Words of Wisdom

by The Sage

 


Readers: Contrary to rumors mongered here by the publisher, I was not arrested in Charlotte. Actually, I was stopped somewhat down the road and thrown in the slammer. But my resemblance to a federal fugitive has been cleared up, my car was bailed out of Ed's Tow & Body Shop, I'm back, and I'm mad as hell.

My anger is directed at the national dispatching associations for not doing one thing to squelch all of the PR that Baltimore has been feeding the media that 311 solved all of their crime problems! Who is going to take these people on and expose their statistics? They're claiming that crime decreased by 11% in 1996, and is down 15% so far this year, all thanks to 311?! Will someone point out that it was Baltimore's policy of having only 911 to reach the police, of taking every type of call on 911, and of responding to everything that has changed? They could've made all those changes without 311 and had the same results. And please, don't write me with that lame "It's not for everyone, but it works here," stuff. That's just a cover-up for free labor, free phones and free federal money.

Dear Sage,
Do you have a scanner to listen to public safety frequencies?
Hamming

Dear H.,
No I don't--when work's over, it's over. On the other hand, I've know scannerheads have heard a male voice counting numbers on Kansas City's (Mo.) 800 MHz trunked radio system, apparently trying to work out the bugs.

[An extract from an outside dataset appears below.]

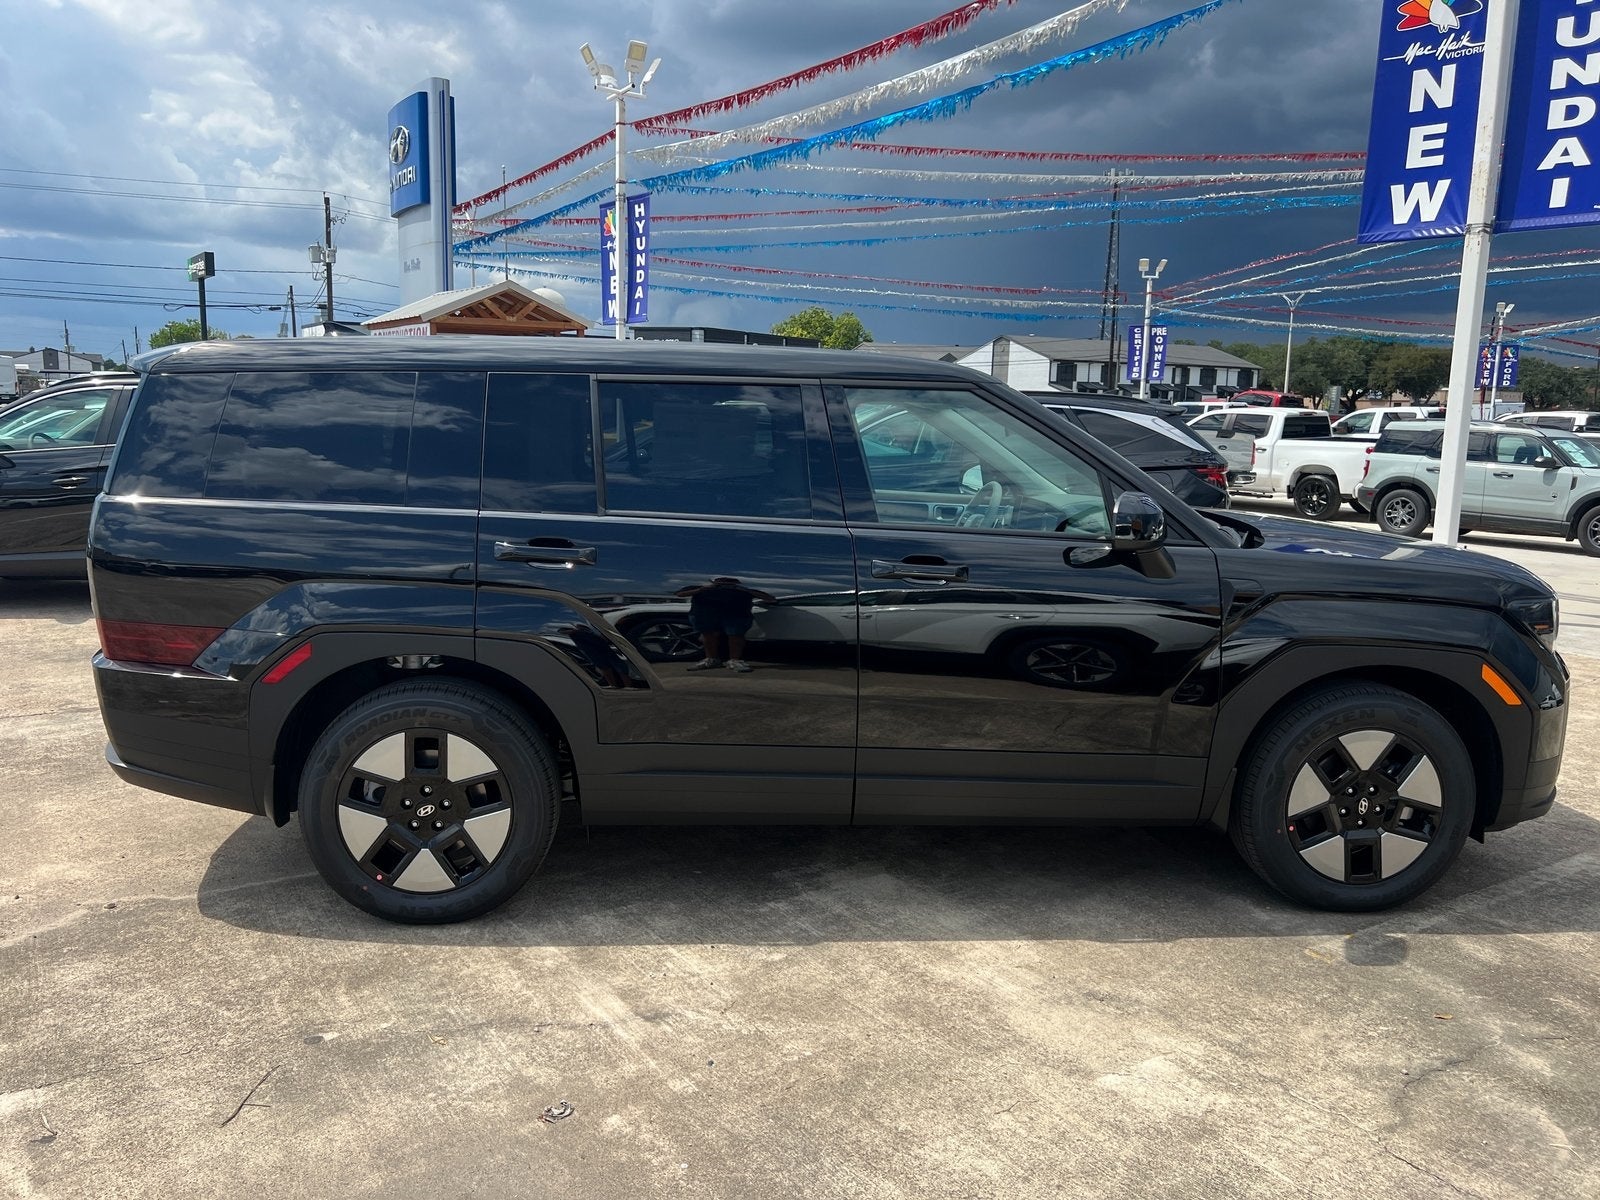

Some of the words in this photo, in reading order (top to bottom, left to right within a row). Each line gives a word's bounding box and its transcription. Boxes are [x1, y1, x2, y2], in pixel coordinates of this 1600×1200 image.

I've also heard that WCPX-TV in Orlando ditched plans to buy expensive Motorola MCS2000 mobile transceivers in favor of Uniden's TrunkTracker scanner. Ouch! Not only do these radios receive complex trunked radio transmissions, they take away revenue!
Sage

Next?: My little wireless buddies in Southern California say wireless giant Nextel is trying to court the local police chiefs and sheriffs, hoping to bring them on-board its for-profit, private, better-than-cellular system. Well, the FCC did say that public safety should take more advantage of the private sector for communications. But what's the upside for Nextel? Frequencies, of course! They apparently have an eye on those 800 MHz frequencies already allocated to public safety.

Dear Sage,
Who is Reverend 911?
Spiritually Inclined

Dear Mr./Ms. S.,
That's easy. It's the Rev. Al Sharpton, who is a long-shot to run against New York City mayor Rudolph Giuliani, if he can get past some party politics. He received 32% of the votes in a primary, but that's a long way from unseating the popular mayor. Oh, why the nickname? In the mid-1980s he promoted himself as a spokesman for the African-American community in NYC and gained a reputation of answering any call for help.
Sage

Shhhh!: Well, they call it the Secret Service, but I'm not out of line to tell you the agency has apparently allowed Public Safety Associates, Inc. to blab to everyone that they've sold the feds a "Logistics Command and Control Program." The software will be used on large-scale events where Secret Service protection is necessary, like the Demo and Repub conventions, trips to foreign countries and when the President heads off on three weeks vacation.

Dear Sage,
We didn't hear anything about your 4th of July celebration. What happened?
Redstone

Dear R.,
Apparently you lit up some Roman candles yourself, eh? As for me, I worked that evening and enjoyed the view out our one window to see the city's fireworks. Out on patrol, officers confiscated illegal fireworks and called for a pick-up team to come retrieve them. Kicker: we got to pick who the officers for the pick-up detail! One false move and--kaboom!--we ignite'm!
Sage

Real Funny: I didn't notice until the third time I read "911 Magazine," but check out page 35 of the May/June issue. To illustrate an article on 311, they produced a rather sarcastic (and realistic) cover of their own magazine, as if it were devoted to 311 instead of 911. One headline read, "A PSAP In Your Den, Become a Dispatch Telecommuter." Another asked, "311 Overcrowding, Can We Break It Down Further?" It then listed some possible solutions: (800) SHOPLIFT, (800) PARKERS, (800). Hey, I'll handle the jokes!

Dear Sage,
Our agency can't afford ergonomic chairs and consoles. What's a simple solution?
Bent

Dear Bent,
You can't afford not to purchase something that will prevent the long-term type of injuries that non-ergo set-ups will cause. And remember, even an excellent chair won't help if you roll it up to an non-adjustable console. You have to find a dual solution. There are plenty of workstation, office cubicle-type solutions these days, supplied by enlightened vendors. As for chairs, call (800) 537-5573 and ask for Cindy, and she'll ship you a Corel Seating (Ohio) chair as a demo. If you don't like it, they'll pay the return shipping charges. But if you think it's great (and you will), just send them about $500, and then go tell your Motorola rep you saved one-half off the price of the same chairs they sell as part of their Centracom II accessory group. Hey between this company and Uniden, Motorola's gonna take a financial hit.